6 December 2018
Queensland Warns SA about UCG Heartache
Landowners directly affected by Underground Coal Gasification (UCG) in Queensland have joined with Traditional Owners and environmentalists to send a stark warning to South Australian MPs not to allow the technology here.
UCG, a controversial process of setting fire to coal seams underground to produce ‘syngas,’ was banned in Queensland after it destroyed hundreds of square kilometres of farmland in what the then-Environment Minister described as ‘the biggest pollution event probably in Queensland’s history.’
Qld landowner Helen Bender has come to SA to warn of the dangers of UCG. Helen tragically lost her father, fifth-generation farmer George Bender, after a long, pitched battle with the invasive UCG and CSG industries. George took his own life on 14 October 2015, aged 68 years.
“I am here in SA to continue my father's legacy,” said Ms Bender.
“He was the first landowner to speak out in 2011 about the dangers he witnessed with unconventional gas.
“Even after the company in Qld that damaged our property was found guilty - It is disappointing that we are still not being heard,” she said.

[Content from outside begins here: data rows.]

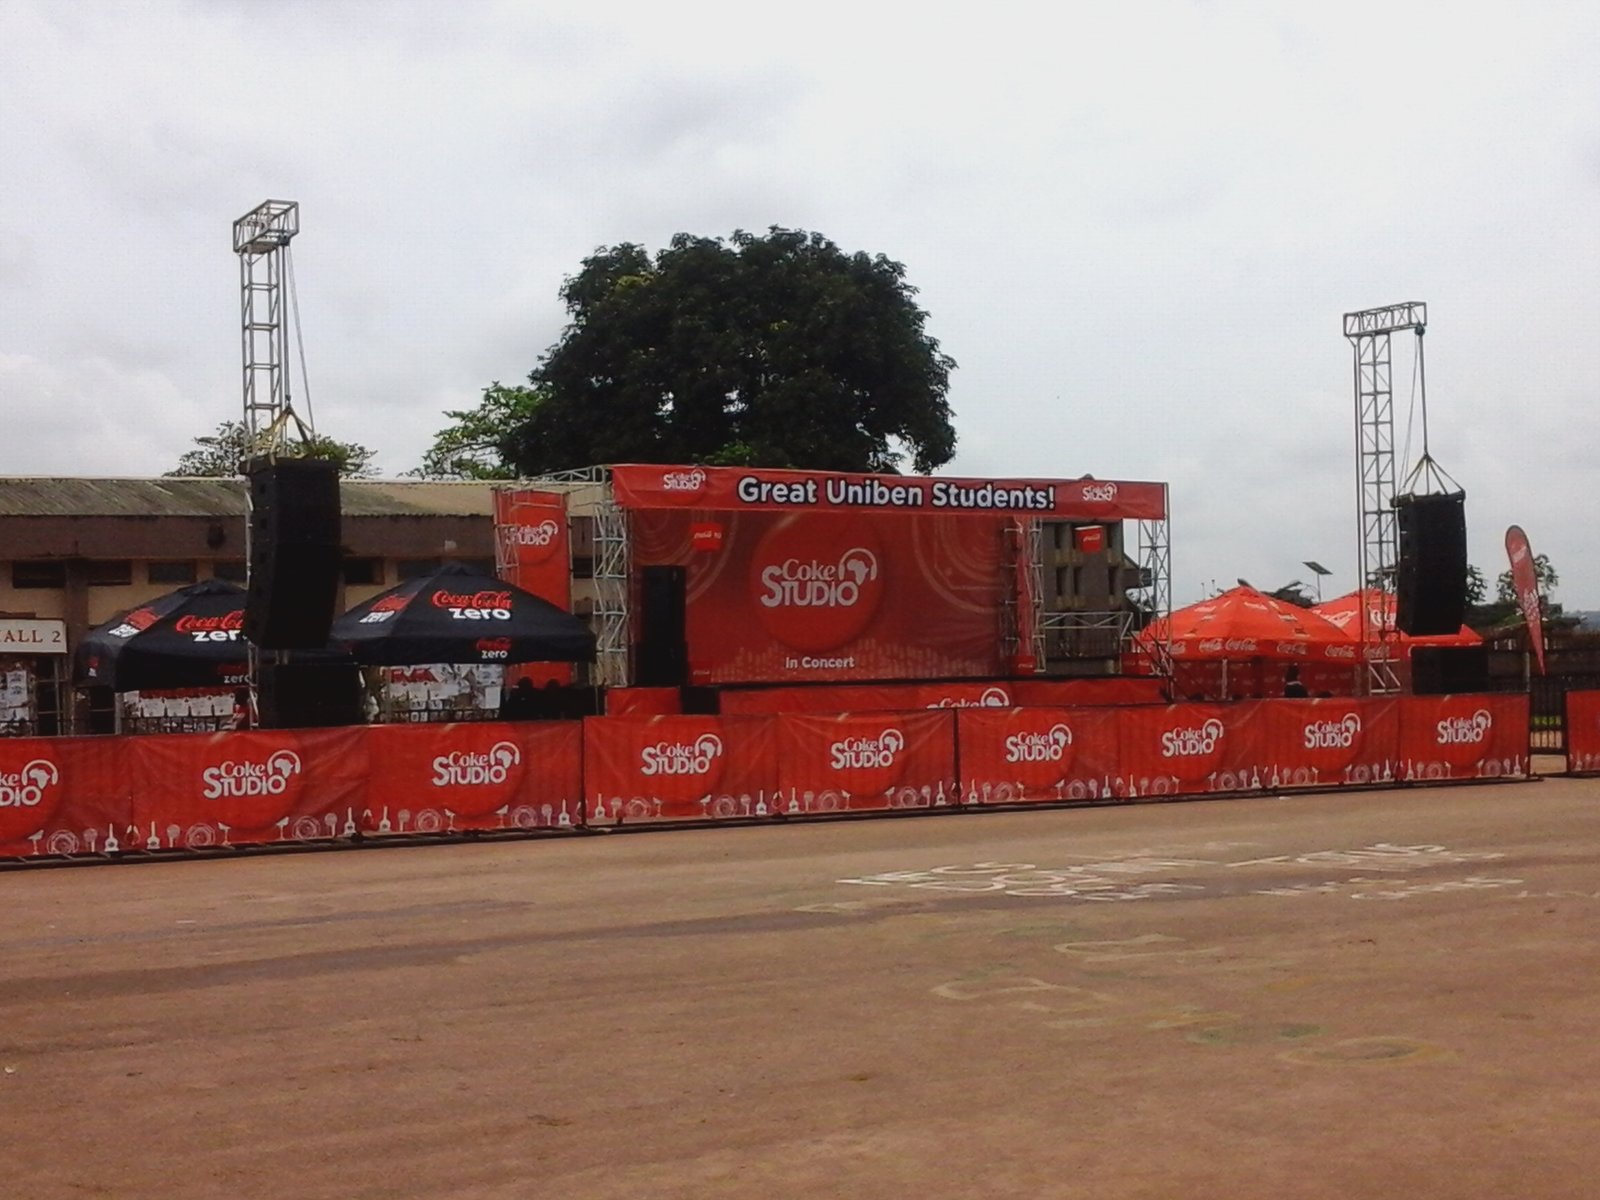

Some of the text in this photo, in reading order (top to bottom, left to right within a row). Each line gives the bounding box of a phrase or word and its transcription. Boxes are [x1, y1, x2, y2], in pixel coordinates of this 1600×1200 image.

[737, 477, 1056, 510] Great Uniben Students!
[782, 558, 836, 581] Coke
[448, 608, 511, 620] zero
[0, 629, 62, 643] ALL 2
[192, 629, 247, 642] zer
[481, 650, 509, 659] zero
[785, 656, 855, 669] In Concert
[843, 737, 878, 753] Coke
[1017, 731, 1048, 747] Coke
[657, 742, 693, 759] Coke
[448, 751, 489, 767] Coke
[220, 760, 266, 778] Coke
[0, 771, 20, 787] ke
[0, 785, 42, 807] DIO
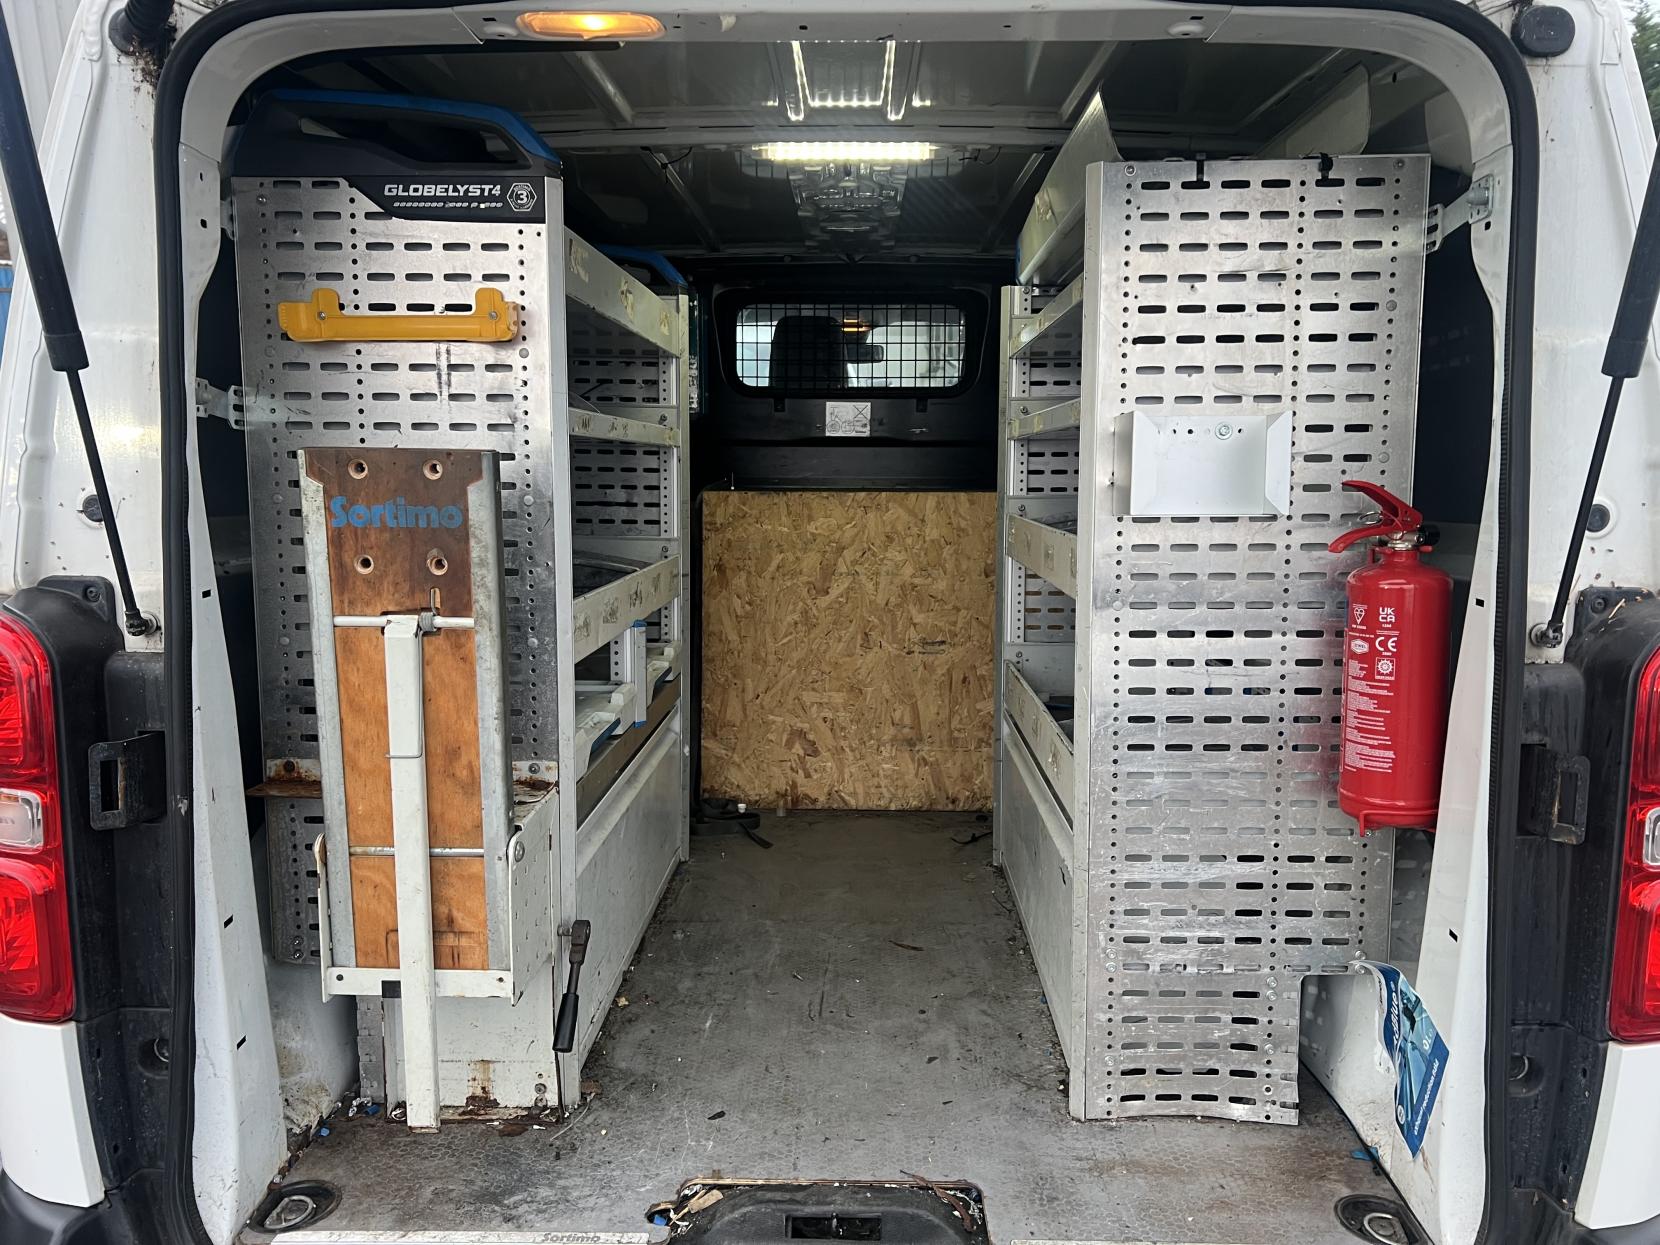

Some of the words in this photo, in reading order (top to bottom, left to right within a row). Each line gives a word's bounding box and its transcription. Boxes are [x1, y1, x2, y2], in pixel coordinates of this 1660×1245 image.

“My message to the South Australian Government is that there is no second chance with this technology. You have one decision to make so you must and make sure it is the right one.”
With Helen is Sarah Moles from Lock the Gate Qld who has been at the forefront of the campaign to ban UCG in her home state.
“South Australia is the clear winner in renewable energy,” said Ms Moles.
“There is no need to risk a highly polluting technology that can have negative impacts on community health as we have seen in Queensland.”
Despite the technology being outlawed in Queensland, and countries like Scotland, Leigh Creek Energy has been granted permission to undertake a trial of UCG in Leigh Creek in the state’s North.
The trial has been fiercely opposed by Traditional Owners, and nearby residents.
“ATLA remains totally opposed to the gasification process at Leigh Creek,” said Vince Coulthard, CEO of the Adnyamathanha Traditional Lands Association (ATLA).
“The Minister gave approval for a pilot project which has now failed. Enough is enough. It’s time for Leigh Creek Energy to get out of Adnyamathanha country.
“We call on the Minister to stop this toxic madness,” he said.
Conservation SA, the state’s peak environment body, says the decision to move forward with UCG in South Australia is an outrage.
“We are horrified that this dangerous technology has been given the go ahead in South Australia,” said Craig Wilkins, Chief Executive of Conservation SA.
“UCG has been banned interstate and right around the world because of the damage it causes.
“We must learn the lessons from Queensland and outlaw its use here,” he said.